Rotenburg - Von Ulla Heyne. Spätestens nach 20 Minuten hätte man Karl-Heinz „Vossi“ Voßmeier knutschen können: Dafür, dass der Kantor am Sonntag die „Camerata Instrumentale“ der Musikschule Bremen in die Stadtkirche geholt hatte – „und das für lau!“, wie ein Besucher nahezu fassungslos anmerkte.

Denn das Orchester aus ambitionierten Hobby- und einigen Profimusikern, das auch in renommierten Häusern wie der Bremer Glocke oder dem Sendesaal gastiert, nimmt für seine Konzerte grundsätzlich keinen Eintritt. So kam die gut besetzte Stadtkirche kostenlos in einen – schon ob der Größe der Besetzung mit gut 60 Musikern – fulminanten Hörgenuss. Schumanns Konzert für Cello in a-Moll: Ein Werk, das von Gegensätzen geprägt ist. In einzelnen Passagen an Liebreiz und Gefühl kaum zu überbieten, dann wieder voller Dramatik und einem Tempo des Solisten, dass das Orchester Mühe hatte zu folgen. Liegt’s an den Qualitätsansprüchen von Dirigent Jörg Assmann, der sich unter anderem als Stimmführer der Deutschen Kammerphilharmonie Bremen einen Namen gemacht, oder am Solisten Leander Kippenberg, der den Schumann ebenso leidenschaftlich wie konzentriert interpretierte? Müßig. Schon der Mimik des 24-jährigen Stipendiaten war anzusehen, wie sehr er sich um Perfektion jedes einzelnen Tones bemüht – mit Erfolg.

Dezidierte Einsätze des Dirigenten, der aus seinem Orchester dynamisch das Letzte einforderte (und auch bekam) und vor allem ein wunderschöner Dialog zwischen Cello und Fagott machten die Interpretation zu einem Hörerlebnis. Das galt nach einer solistischen Zugabe, die Kippenberg mit einem knappen: „Jetzt Bach“ ankündigte, dann auch für die selten gehörte Sinfonie des Russen Alexander Glasunow. Hier durften dann auch die Blechbläser, die sich im ersten Teil gehörig hatten zurückhalten müssen, „von der Leine“. Ihre fanfarengleichen Einsätze im majestätischen Finale, das die Motive der vorangehenden Sätze aufgriff, setzten einen würdigen Schlussstrich.
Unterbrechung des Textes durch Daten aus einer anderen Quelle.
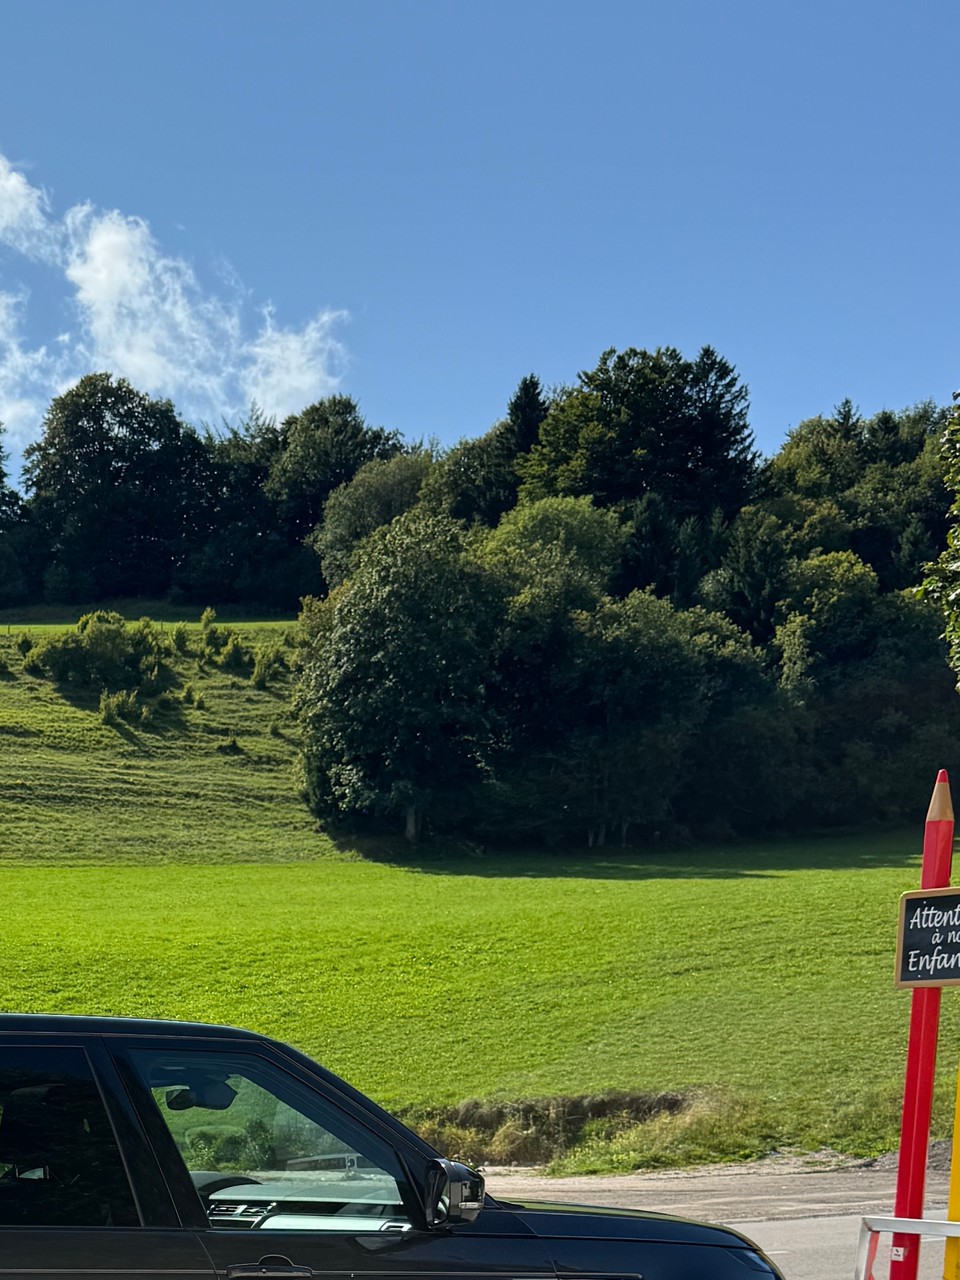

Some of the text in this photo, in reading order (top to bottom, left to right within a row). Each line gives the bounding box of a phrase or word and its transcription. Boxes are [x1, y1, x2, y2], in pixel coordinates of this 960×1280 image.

Für eine der Musikerinnen war der Auftritt, dem noch drei weitere in Bremen und Bremerhaven folgen, ein Heimspiel: Muriel Böschen aus Hetzwege hatte an diesem Abend quasi ihre Feuertaufe mit diesem Ensemble in heimischen Gefilden. Ein Vorspielen hatte Dirigent Assmann überzeugt: Seit Kurzem ist die junge Bratschistin nicht nur Teil des rund 70-köpfigen Ensembles, sondern bereitet sich auch im Privatunterricht bei Assmann auf die Aufnahmeprüfung zum Musikstudium vor.

Entlassen wurden die Zuhörer mit einem beschwingten Walzer ganz im Stil der Wiener Klassik. Auch das konnte Glasunow – und die „Camerata Instrumentale“ allemal.